The End of Gmane?

If any of you use mailing list archive Gmane, you would want to start looking at its alternative. Gmane developer Lars Ingebrigtsen announced Thursday that he is thinking about ending the decade-old email-to-news gateway. But first, for those unaware about Gmane, here's is what it does: It allows users to access electronic mailing lists as if they were Usenet newsgroups, and also through a variety of web interfaces. Gmane is an archive; it never expires messages (unless explicitly requested by users). Gmane also supports importing list postings made prior to a list's inclusion on the service.Ingebrigtsen said Gmane machines are under numerous DDoS attacks -- coupled with some other issues -- that have made him wonder whether it is worth the time and effort to keep Gmane ticking. He writes: I'm thinking about ending Gmane, at least as a web site. Perhaps continue running the SMTP-to-NNTP bridge? Perhaps not? I don't want to make 20-30K mailing lists start having bouncing addresses, but I could just funnel all incoming mail to /dev/null, I guess... The nice thing about a mailing list archive (with NNTP and HTTP interfaces) is that it enables software maintainers to say (whenever somebody suggests using Spiffy Collaboration Tool of the Month instead of yucky mailing lists) is "well, just read the stuff on Gmane, then". I feel like I'm letting down a generation here.As Gmane's future remains uncertain, Ingebrigtsen recommends people to have a look at Mail Archive.

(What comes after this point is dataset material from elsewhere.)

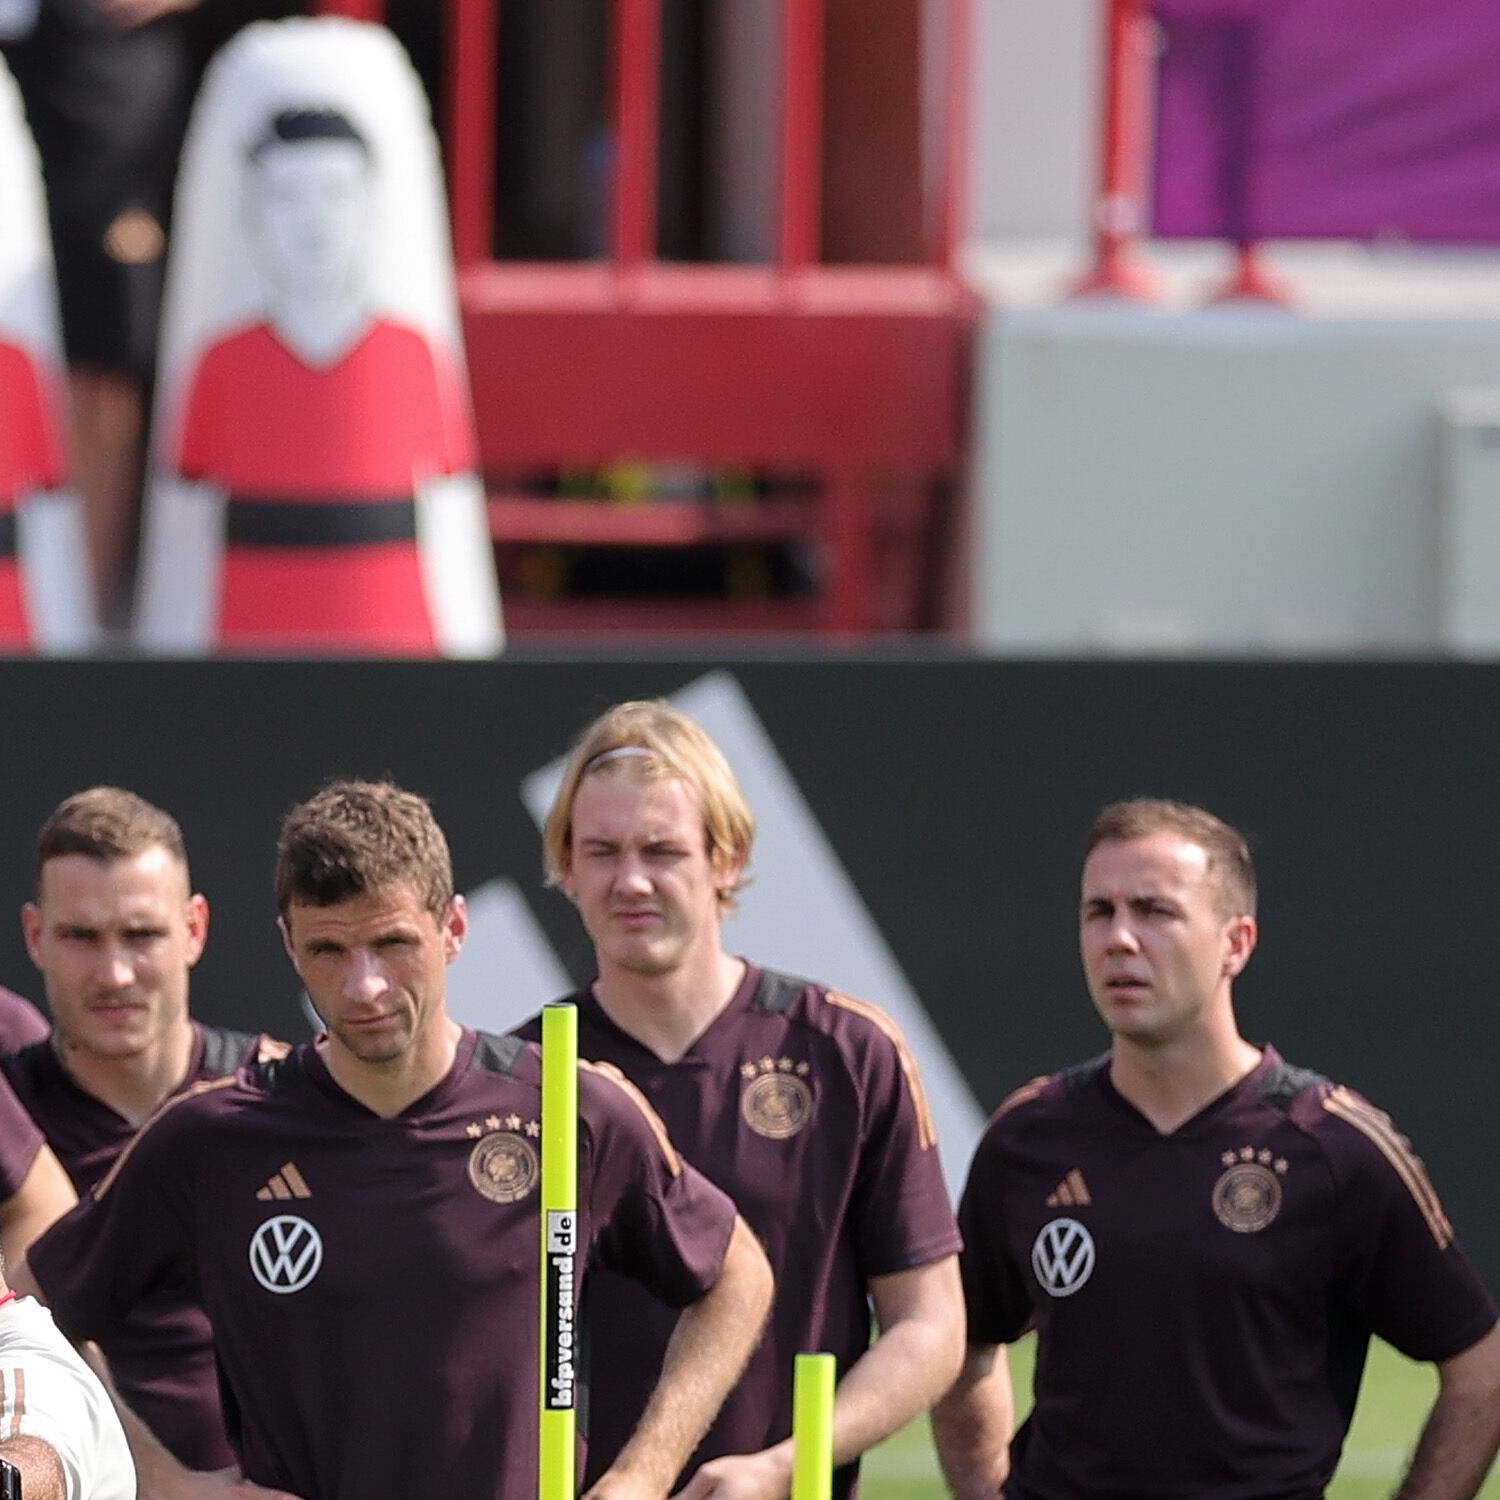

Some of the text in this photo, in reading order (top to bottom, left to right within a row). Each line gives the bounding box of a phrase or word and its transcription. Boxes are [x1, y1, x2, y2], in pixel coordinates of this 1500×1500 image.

[250, 1216, 323, 1293] VW
[1033, 1219, 1095, 1297] VW
[551, 1216, 575, 1407] bfpversand.de

Re: Nothing of value was lost

> Don't follow security news much do you?

I do. There's BEAST (2011, SSL3/TLS1.0 only), CRIME (2012, TLS1.0->1.2), BREACH (2013, TLS1.0->1.2), and POODLE (mid 2014, SSL 3.0). In late 2014, it was discovered that a few faulty TLS implementations were also vulnerable to POODLE. They have since been fixed. BEAST mitigations have been in place for *ages*. CRIME and BREACH only work when TLS compression is enabled, so the fix for that is fairly trivial.

Are there any significant recent ones that I missed? (Implementation bugs like Heartbleed don't count. One doesn't point to a screwed up implementation of a protocol and say "That protocol is insecure.", one says "That implementation is fucked up.". A protocol *can* be too complicated to reliably implement correctly... but the wide array of correct TLS implementations strongly suggests that the OpenSSL guys just fucked up.)

Or are you talking about the politics of the infrastructure that was set up to distribute and validate X.509 certificates for use with TLS? If you're talking about *that*, then know that the TLS spec leaves unspecified how X.509 certs are issued and managed. That is to say that Certificate Authorities and the management of the same have nothing to do with the security of the TLS protocol, but might be a concern for a particular site that *uses* TLS. You can -after all- use TLS with no loss of security guarantees without ever speaking to a CA.

Gmane is the only way to reply to messages on list

[tap]

I do lots of Linux development. Often I'll find kernel patch that's not in the mainline kernel yet, or was just recently added, that has some issues with it. With gmane I can browse the original discussion threads about the patch, import them into evolution, and then reply to one of the messages. And get the proper in-reply-to headers on my email, cc the proper groups and people, etc. I don't have the original thread in my inbox because I'm not subscribed to 200 different lists that I save all the messages from. But gmane is.

None of the other list archives (which aren't as good as gmane anyway) allow you do this.